Estratégicamente, la clase dominante puede reutilizar el descontento hacia los sistemas liberales de educación y de la salud para convertir a las personas trans en chivos expiatorios de los fracasos de las décadas de políticas neoliberales. Esta estrategia es especialmente eficaz con las personas que conocen de cerca como son los servicios sociales destrozados, pero que no ven alternativas independientes de clase en las elecciones.
La estrategia de la derecha es bastante fácil de entender. En Estados Unidos, hemos visto a la fiscal general Pam Bondi anunciar que perseguirá a estas industrias por «defraudar» al pueblo estadounidense. Esta formulación permite al Gobierno pretender que lucha contra los intereses de la «élite».

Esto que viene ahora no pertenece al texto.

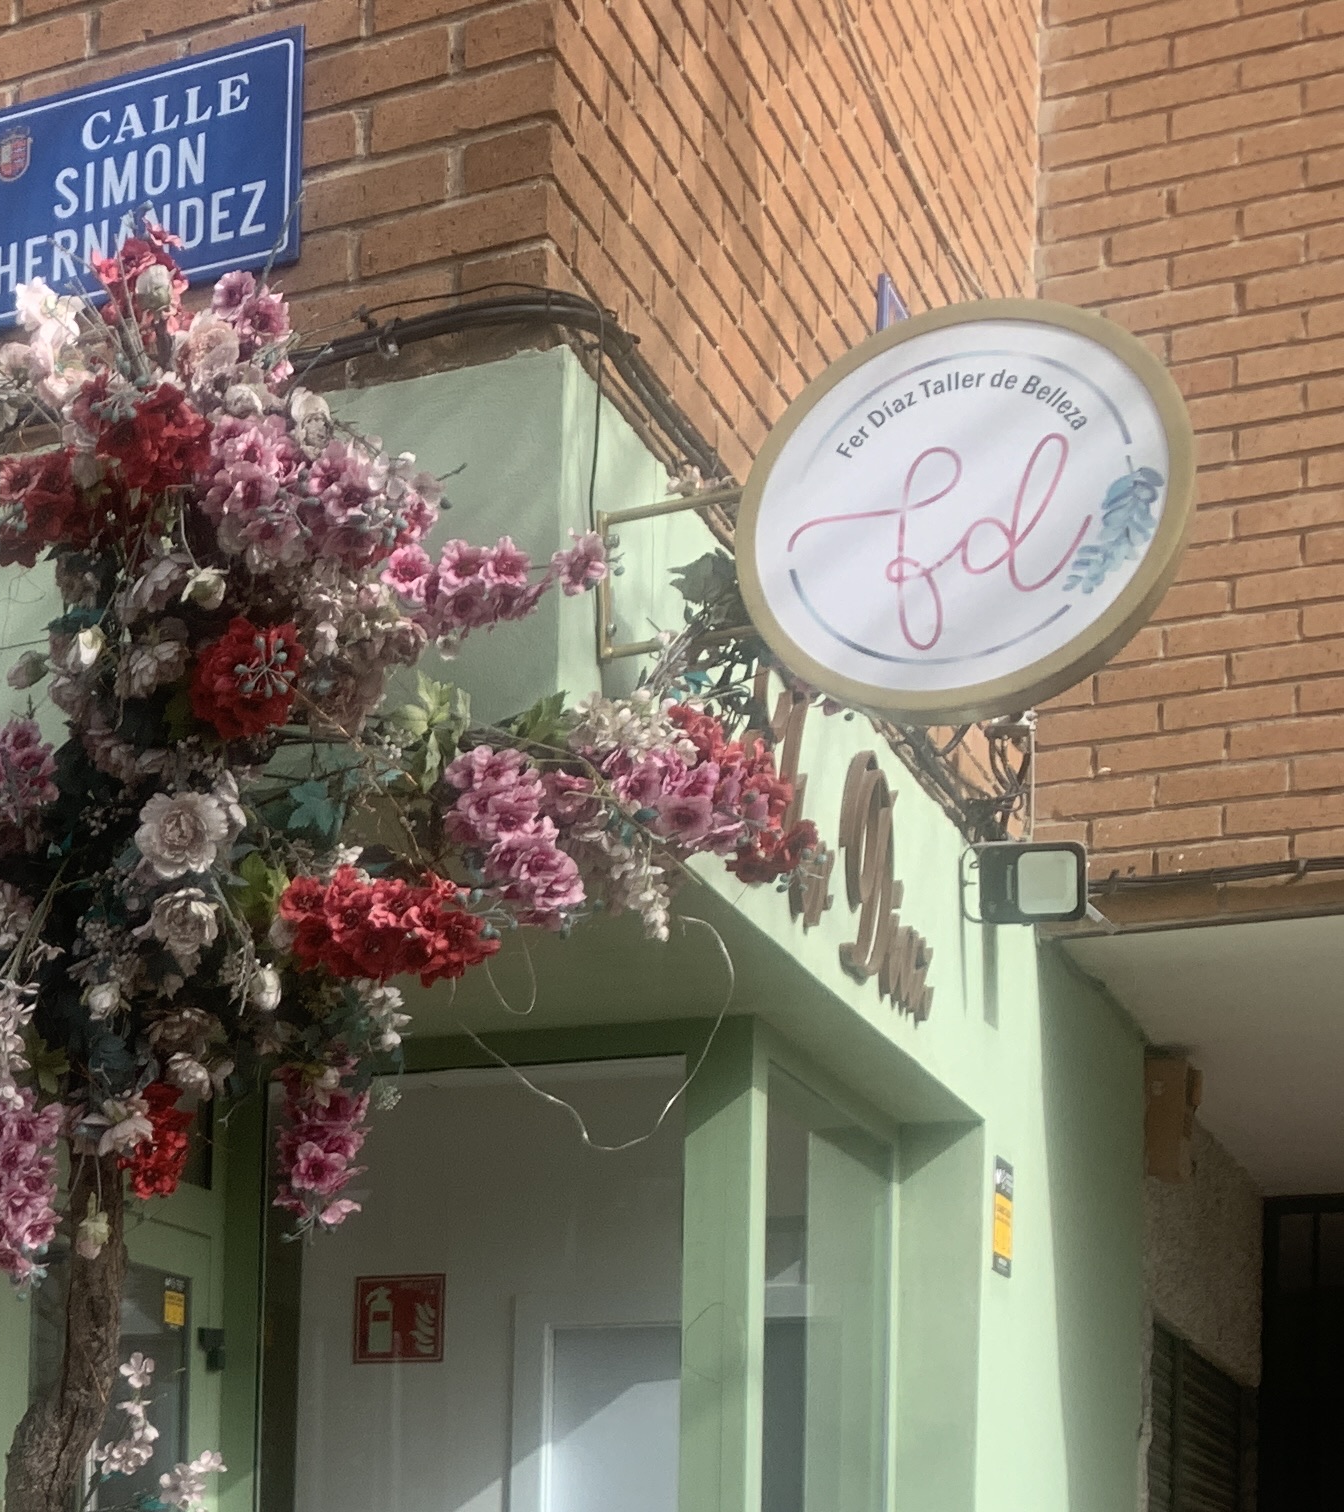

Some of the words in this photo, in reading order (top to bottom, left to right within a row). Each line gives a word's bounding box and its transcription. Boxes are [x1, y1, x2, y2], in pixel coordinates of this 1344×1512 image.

[81, 72, 251, 151] CALLE
[53, 131, 207, 220] SIMON
[835, 425, 870, 459] Fer
[867, 390, 918, 429] Díaz
[918, 370, 986, 399] Taller
[989, 368, 1018, 391] de
[1021, 374, 1089, 432] Belleza
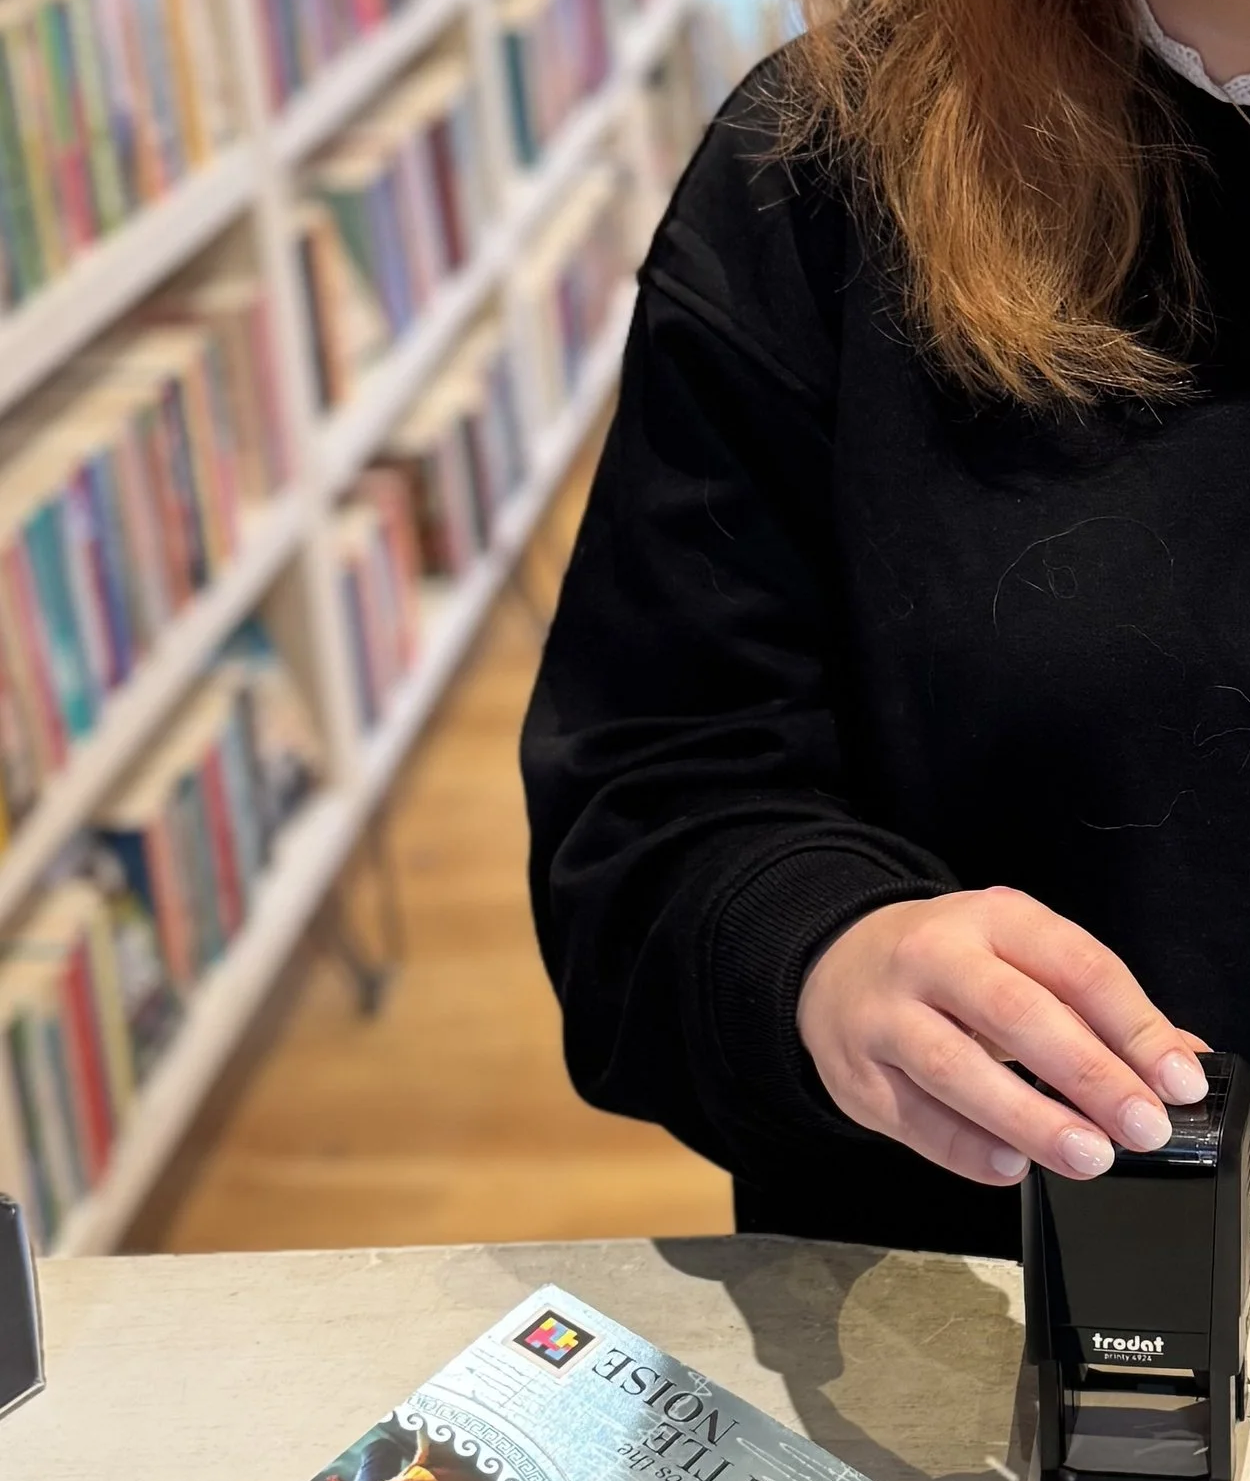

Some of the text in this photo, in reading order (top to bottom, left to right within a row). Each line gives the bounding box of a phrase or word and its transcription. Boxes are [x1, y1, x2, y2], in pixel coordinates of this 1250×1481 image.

[1092, 1332, 1165, 1353] trodat
[1104, 1353, 1152, 1362] printy 4924
[592, 1347, 739, 1447] NOISE
[617, 1443, 655, 1473] the

El Departamento de Justicia también ha enviado citaciones a unos 20 proveedores médicos exigiéndoles que entreguen al Gobierno información confidencial sobre sus pacientes transgeneros jóvenes —incluidas fechas de nacimiento, números de la Seguridad Social y sus direcciones de casa— así como documentos de facturación, comunicaciones con fabricantes de medicamentos, etc., desde enero de 2020. Bondi dijo el mes pasado que el Departamento de Justicia está tratando de responsabilizar de sus actos a «los profesionales y las organizaciones médicas que mutilaron a niños al servicio de una ideología retorcida».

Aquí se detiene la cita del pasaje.